MATERIAL TO PROCESS START

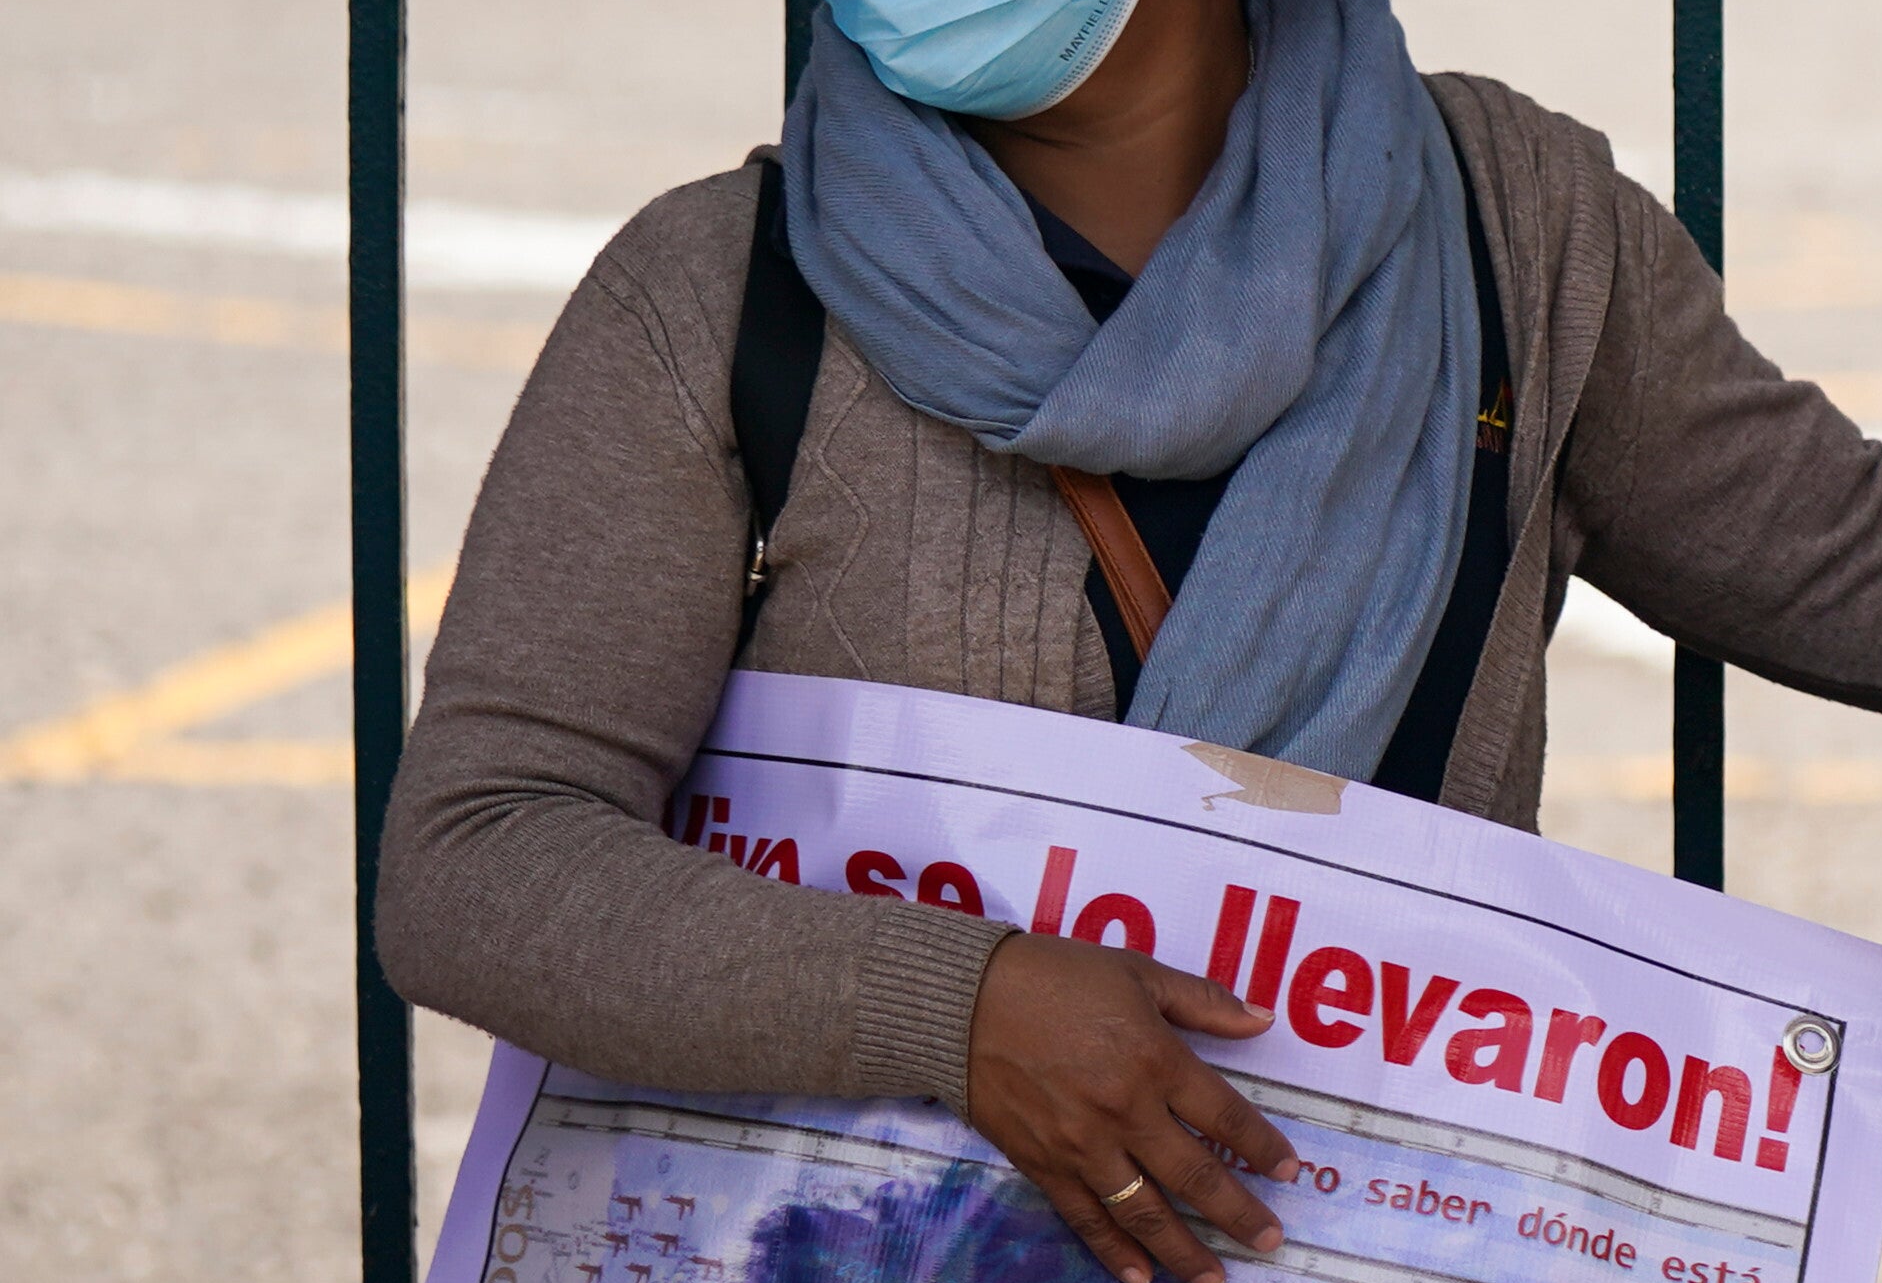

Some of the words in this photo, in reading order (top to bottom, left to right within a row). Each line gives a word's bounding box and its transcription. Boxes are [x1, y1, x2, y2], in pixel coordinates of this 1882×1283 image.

[1205, 884, 1802, 1173] llevaron!
[1364, 1178, 1492, 1225] saber
[1517, 1208, 1637, 1270] dónde
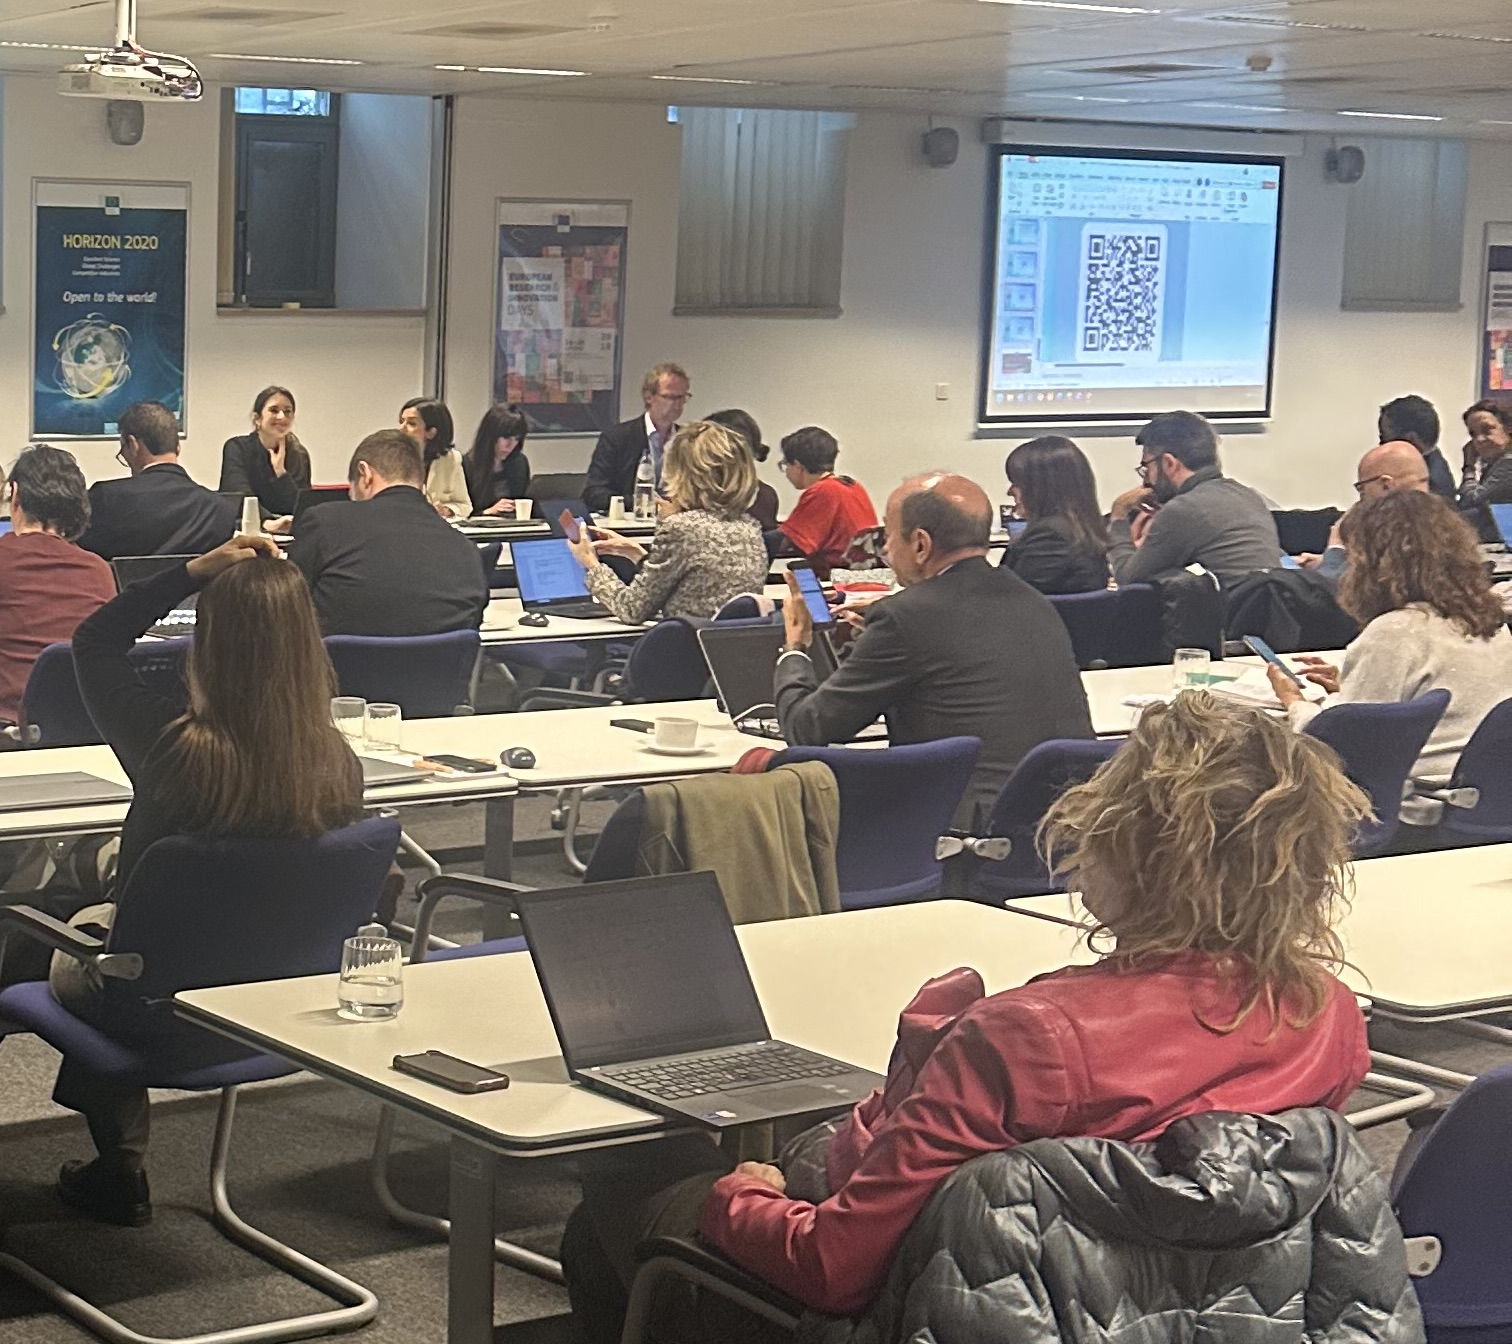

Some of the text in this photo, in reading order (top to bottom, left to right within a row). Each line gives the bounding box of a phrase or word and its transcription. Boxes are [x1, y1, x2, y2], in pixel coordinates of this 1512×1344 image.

[63, 234, 159, 250] HORIZON 2020
[62, 291, 158, 305] Open to the world!
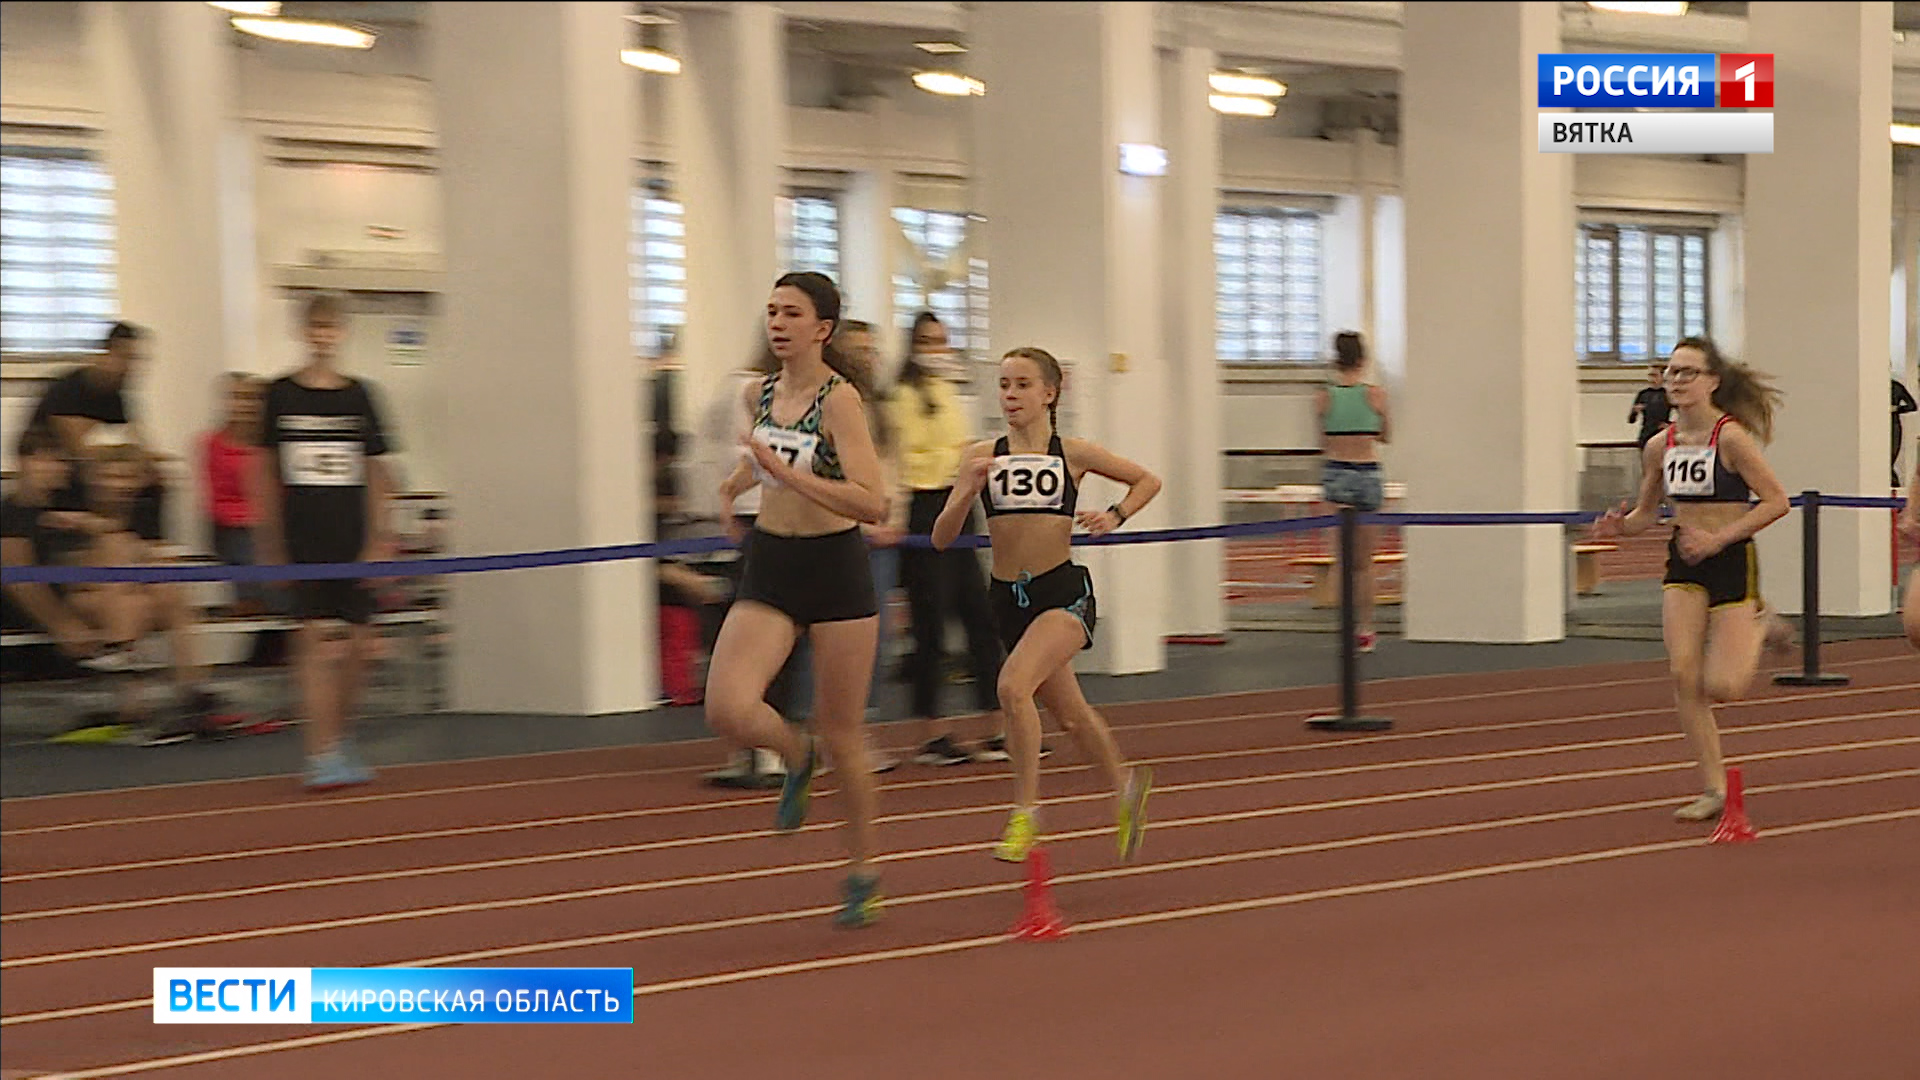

MATERIAL TO PROCESS END

WHAT IS REQUIRED -
Reproduce each entry exactly as written, but leave out the images.

OUTPUT FOR THIS TASK -
Some of the words in this photo, in reading order (top to bottom, left to right within a row). Each line gives a word's bounding box and its transcription. Boxes are [x1, y1, x2, y2], in pixel coordinates of this 1882×1283 image.

[1205, 884, 1802, 1173] llevaron!
[1364, 1178, 1492, 1225] saber
[1517, 1208, 1637, 1270] dónde

Some of the text in this photo, in reading order (top to bottom, left to right within a row). Each line gives the bounding box of a phrase or word and its transcription. Boxes are [x1, y1, x2, y2], in pixel coordinates of this 1512×1344 image.

[63, 234, 159, 250] HORIZON 2020
[62, 291, 158, 305] Open to the world!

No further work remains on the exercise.